We first calculate the total energy flux for the provided data.
[12]:
nHours = (data_clean.index[1] - data_clean.index[0]).seconds / 3600
Total = data_clean.J.sum() * nHours
print(f"{Total} (W*hr)/m")
7987763740.503419 (W*hr)/m
Down Select by 2D Histogram
Knowing the total energy flux we may calculate the 2D histogram result and compare it to the total result. We expect this value to near unity. While we have down-selected the number of sea states the histogram is still 100 bins and this is still not generally tractable for WEC optimization. We could continue to reduce the number of histogram bins, however, in sticking with this technique we are generally constrained to a cartesian set of bins.
[13]:
Jsum, xe, ye, bn = stats.binned_statistic_2d(
data_clean.Hm0, data_clean.Te, data_clean.J, statistic="sum"

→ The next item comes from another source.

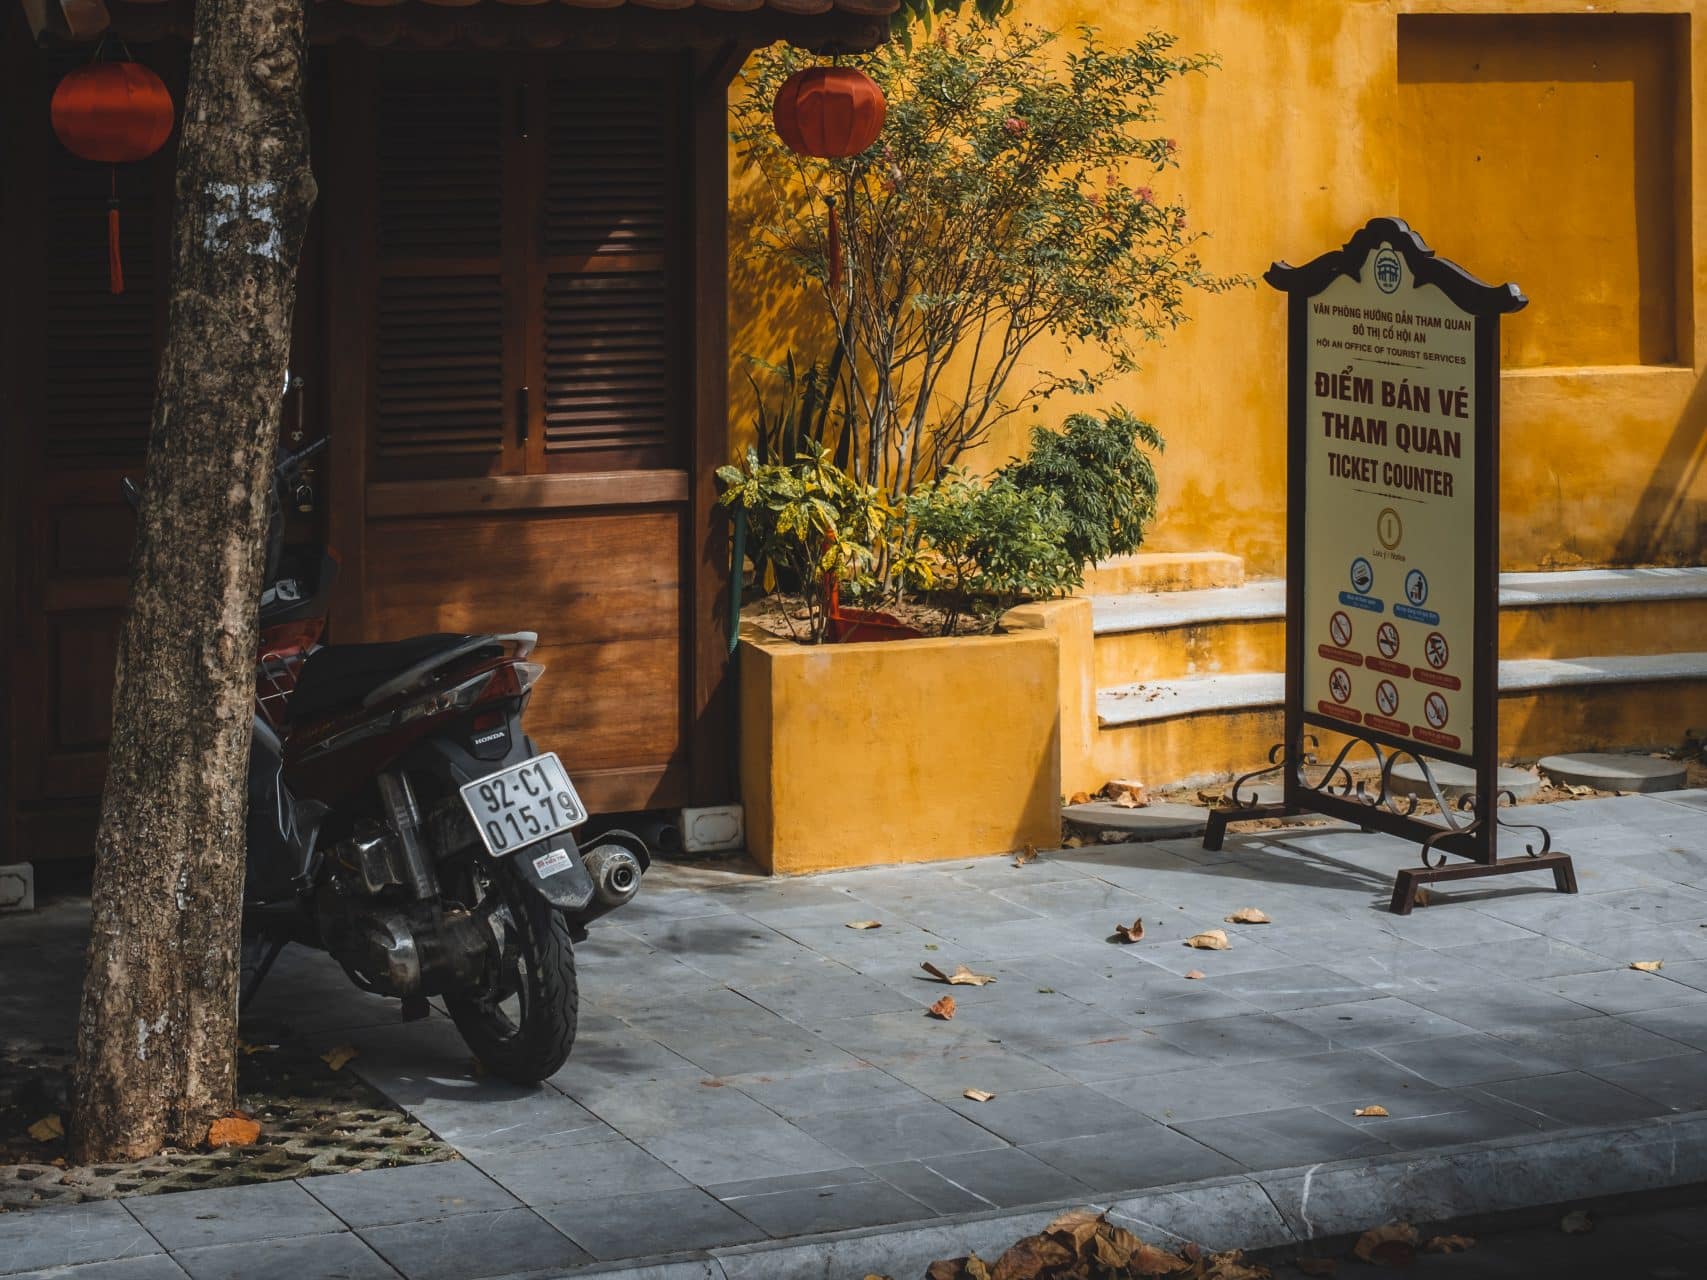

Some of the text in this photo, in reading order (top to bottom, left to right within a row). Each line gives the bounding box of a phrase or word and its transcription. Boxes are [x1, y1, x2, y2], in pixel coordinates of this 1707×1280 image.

) # ,bins=[Te_bins, Hm0_bins])
hist_result = np.round(Jsum.sum().sum() / Total, 4)
print(f"{hist_result} = (2D Histogram J) / (1-year total J) ")
1.0 = (2D Histogram J) / (1-year total J)
Down Select by K-means clusters
By choosing a limited number of data clusters we should be able to choose some minimum representative number for our sea state which still captures the resource well. To calculate these we will use a Gaussian-mixture model (a more general K-means method) which allows us to assign data points to an individual cluster and assign weights based on the density of points in that cluster. We will consider varying numbers of clusters (N=[4, 8, 16, 32, 64]
) and then calculate the representative
energy in each cluster by representing each sea state as a JONSWAP spectrum. In the following code, we will create a plot for each of our N clusters and show where the provided data points fall within each cluster.
[14]:
# Compute Gaussian Mixture Model for each number of clusters
clusters = [4, 8, 16, 32, 64]
X = np.vstack((data_clean.Te.values, data_clean.Hm0.values)).T
fig, axs = plt.subplots(len(clusters), 1, figsize=(8, 24), sharex=True)
results = {}
for cluster in clusters:
gmm = GaussianMixture(n_components=cluster).fit(X)
# Save centers and weights
result = pd.DataFrame(gmm.means_, columns=["Te", "Hm0"])
result["weights"] = gmm.weights_
result["Tp"] = result.Te / 0.858
results[cluster] = result
labels = gmm.predict(X)
i = clusters.index(cluster)
axs[i].scatter(data_clean.Te.values, data_clean.Hm0.values, c=labels, s=40)
axs[i].plot(result.Te, result.Hm0, "m+")
axs[i].title.set_text(f"{cluster} Clusters")
plt.setp(axs[i], ylabel="Sig. wave height, $Hm0$ [m]")
plt.setp(axs[len(clusters) - 1], xlabel="Energy Period, $T_e$ [s]")
[14]:
[Text(0.5, 0, 'Energy Period, $T_e$ [s]')]
Compare Representative Sea State Energy to Total
Lastly, we will compare each sea state’s representative energy to the original total energy of the dataset. As expected we observe increasing agreement with the original total energy as the number of clusters increases.
[15]:
w = ndbc_data[year].columns.values
f = w / 2 * np.pi
for N in results:
result = results[N]
J = []
for i in range(len(result)):
b = resource.jonswap_spectrum(f, result.Tp[i], result.Hm0[i])
J.extend([resource.energy_flux(b, h=399.0).item()])
result["J"] = J
results[N] = result
ratios = {}
for N in results:
J_hr = results[N].J * len(data_clean)
total_weighted_J = (J_hr * results[N].weights).sum()
normalized_weighted_J = total_weighted_J / Total
ratios[N] = np.round(normalized_weighted_J, 4)
pd.Series(ratios)
[15]:
4 0.9234
8 0.9526
16 0.9776
32 0.9991
64 1.0162
dtype: float64